== SUPPLIED ENTRIES ==

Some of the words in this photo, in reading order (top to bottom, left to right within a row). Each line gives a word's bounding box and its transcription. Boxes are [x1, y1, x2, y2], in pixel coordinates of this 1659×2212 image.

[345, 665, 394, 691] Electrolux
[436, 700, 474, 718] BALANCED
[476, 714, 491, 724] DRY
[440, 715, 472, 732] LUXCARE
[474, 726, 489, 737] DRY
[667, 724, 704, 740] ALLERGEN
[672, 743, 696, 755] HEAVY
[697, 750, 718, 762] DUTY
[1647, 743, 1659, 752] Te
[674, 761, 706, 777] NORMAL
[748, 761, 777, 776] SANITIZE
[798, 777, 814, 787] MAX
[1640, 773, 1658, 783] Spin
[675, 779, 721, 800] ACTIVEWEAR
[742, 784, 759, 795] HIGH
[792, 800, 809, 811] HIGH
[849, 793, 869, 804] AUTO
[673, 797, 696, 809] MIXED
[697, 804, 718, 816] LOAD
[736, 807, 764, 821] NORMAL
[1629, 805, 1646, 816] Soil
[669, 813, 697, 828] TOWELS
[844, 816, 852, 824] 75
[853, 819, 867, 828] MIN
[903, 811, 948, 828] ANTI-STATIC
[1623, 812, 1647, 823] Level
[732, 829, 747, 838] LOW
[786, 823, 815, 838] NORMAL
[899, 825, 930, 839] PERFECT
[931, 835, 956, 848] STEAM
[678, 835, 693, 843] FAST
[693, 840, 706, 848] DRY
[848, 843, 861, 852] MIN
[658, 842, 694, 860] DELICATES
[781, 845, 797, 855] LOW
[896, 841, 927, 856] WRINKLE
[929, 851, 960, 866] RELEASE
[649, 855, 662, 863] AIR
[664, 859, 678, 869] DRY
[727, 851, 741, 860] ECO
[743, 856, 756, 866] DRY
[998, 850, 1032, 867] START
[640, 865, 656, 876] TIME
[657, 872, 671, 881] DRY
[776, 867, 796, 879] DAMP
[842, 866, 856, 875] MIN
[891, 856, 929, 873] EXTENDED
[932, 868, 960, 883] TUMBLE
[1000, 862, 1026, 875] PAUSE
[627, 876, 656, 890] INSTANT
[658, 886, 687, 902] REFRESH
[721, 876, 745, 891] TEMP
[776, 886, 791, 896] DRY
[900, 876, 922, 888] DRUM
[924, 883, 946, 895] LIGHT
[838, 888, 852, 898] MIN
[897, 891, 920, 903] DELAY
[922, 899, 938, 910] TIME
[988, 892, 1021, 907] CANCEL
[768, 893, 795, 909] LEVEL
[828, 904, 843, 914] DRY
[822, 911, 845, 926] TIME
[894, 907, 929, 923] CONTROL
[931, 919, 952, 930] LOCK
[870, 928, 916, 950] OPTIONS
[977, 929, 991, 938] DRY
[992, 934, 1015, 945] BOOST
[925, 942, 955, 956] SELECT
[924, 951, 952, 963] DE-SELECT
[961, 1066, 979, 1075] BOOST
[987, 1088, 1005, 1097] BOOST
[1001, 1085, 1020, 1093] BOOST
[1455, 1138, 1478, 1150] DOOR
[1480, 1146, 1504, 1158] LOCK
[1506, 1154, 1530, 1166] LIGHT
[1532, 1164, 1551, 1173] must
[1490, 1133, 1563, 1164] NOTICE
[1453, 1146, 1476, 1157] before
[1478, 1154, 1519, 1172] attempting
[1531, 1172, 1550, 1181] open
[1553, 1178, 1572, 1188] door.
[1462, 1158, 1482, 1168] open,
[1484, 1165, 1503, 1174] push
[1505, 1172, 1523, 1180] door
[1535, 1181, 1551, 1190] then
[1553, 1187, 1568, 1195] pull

== AIM OF THE EXERCISE ==
Nothing but an exact repetition of the entries is expected here.

== ANSWER SECTION ==
Some of the words in this photo, in reading order (top to bottom, left to right within a row). Each line gives a word's bounding box and its transcription. Boxes are [x1, y1, x2, y2], in pixel coordinates of this 1659×2212 image.

[345, 665, 394, 691] Electrolux
[436, 700, 474, 718] BALANCED
[476, 714, 491, 724] DRY
[440, 715, 472, 732] LUXCARE
[474, 726, 489, 737] DRY
[667, 724, 704, 740] ALLERGEN
[672, 743, 696, 755] HEAVY
[697, 750, 718, 762] DUTY
[1647, 743, 1659, 752] Te
[674, 761, 706, 777] NORMAL
[748, 761, 777, 776] SANITIZE
[798, 777, 814, 787] MAX
[1640, 773, 1658, 783] Spin
[675, 779, 721, 800] ACTIVEWEAR
[742, 784, 759, 795] HIGH
[792, 800, 809, 811] HIGH
[849, 793, 869, 804] AUTO
[673, 797, 696, 809] MIXED
[697, 804, 718, 816] LOAD
[736, 807, 764, 821] NORMAL
[1629, 805, 1646, 816] Soil
[669, 813, 697, 828] TOWELS
[844, 816, 852, 824] 75
[853, 819, 867, 828] MIN
[903, 811, 948, 828] ANTI-STATIC
[1623, 812, 1647, 823] Level
[732, 829, 747, 838] LOW
[786, 823, 815, 838] NORMAL
[899, 825, 930, 839] PERFECT
[931, 835, 956, 848] STEAM
[678, 835, 693, 843] FAST
[693, 840, 706, 848] DRY
[848, 843, 861, 852] MIN
[658, 842, 694, 860] DELICATES
[781, 845, 797, 855] LOW
[896, 841, 927, 856] WRINKLE
[929, 851, 960, 866] RELEASE
[649, 855, 662, 863] AIR
[664, 859, 678, 869] DRY
[727, 851, 741, 860] ECO
[743, 856, 756, 866] DRY
[998, 850, 1032, 867] START
[640, 865, 656, 876] TIME
[657, 872, 671, 881] DRY
[776, 867, 796, 879] DAMP
[842, 866, 856, 875] MIN
[891, 856, 929, 873] EXTENDED
[932, 868, 960, 883] TUMBLE
[1000, 862, 1026, 875] PAUSE
[627, 876, 656, 890] INSTANT
[658, 886, 687, 902] REFRESH
[721, 876, 745, 891] TEMP
[776, 886, 791, 896] DRY
[900, 876, 922, 888] DRUM
[924, 883, 946, 895] LIGHT
[838, 888, 852, 898] MIN
[897, 891, 920, 903] DELAY
[922, 899, 938, 910] TIME
[988, 892, 1021, 907] CANCEL
[768, 893, 795, 909] LEVEL
[828, 904, 843, 914] DRY
[822, 911, 845, 926] TIME
[894, 907, 929, 923] CONTROL
[931, 919, 952, 930] LOCK
[870, 928, 916, 950] OPTIONS
[977, 929, 991, 938] DRY
[992, 934, 1015, 945] BOOST
[925, 942, 955, 956] SELECT
[924, 951, 952, 963] DE-SELECT
[961, 1066, 979, 1075] BOOST
[987, 1088, 1005, 1097] BOOST
[1001, 1085, 1020, 1093] BOOST
[1455, 1138, 1478, 1150] DOOR
[1480, 1146, 1504, 1158] LOCK
[1506, 1154, 1530, 1166] LIGHT
[1532, 1164, 1551, 1173] must
[1490, 1133, 1563, 1164] NOTICE
[1453, 1146, 1476, 1157] before
[1478, 1154, 1519, 1172] attempting
[1531, 1172, 1550, 1181] open
[1553, 1178, 1572, 1188] door.
[1462, 1158, 1482, 1168] open,
[1484, 1165, 1503, 1174] push
[1505, 1172, 1523, 1180] door
[1535, 1181, 1551, 1190] then
[1553, 1187, 1568, 1195] pull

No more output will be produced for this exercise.